What you need to do: Once the images are removed, repeat all of the entries exactly.

──────── Extracted data ────────

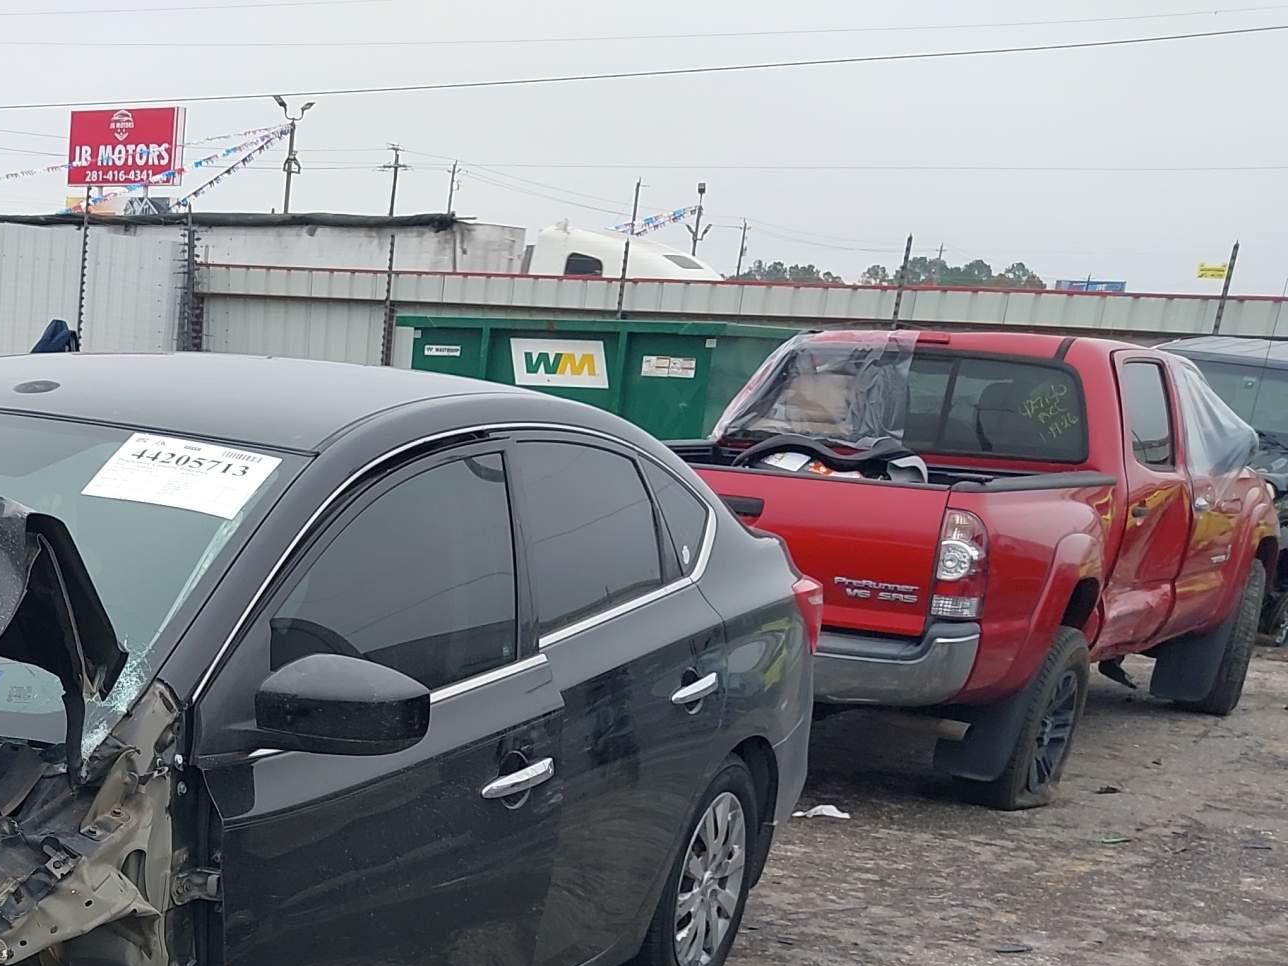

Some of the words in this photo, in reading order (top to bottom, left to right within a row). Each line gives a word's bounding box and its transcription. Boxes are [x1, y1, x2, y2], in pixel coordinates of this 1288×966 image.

[73, 145, 92, 167] JB
[97, 143, 171, 167] MOTORS
[85, 169, 153, 182] 281-416-4341
[524, 351, 597, 377] WM
[131, 449, 250, 477] 44205713
[834, 576, 920, 592] PreRunner
[845, 588, 871, 599] V6

────────

Solution to this exercise:
Some of the words in this photo, in reading order (top to bottom, left to right within a row). Each line gives a word's bounding box and its transcription. Boxes are [x1, y1, x2, y2], in pixel coordinates of this 1288×966 image.

[73, 145, 92, 167] JB
[97, 143, 171, 167] MOTORS
[85, 169, 153, 182] 281-416-4341
[524, 351, 597, 377] WM
[131, 449, 250, 477] 44205713
[834, 576, 920, 592] PreRunner
[845, 588, 871, 599] V6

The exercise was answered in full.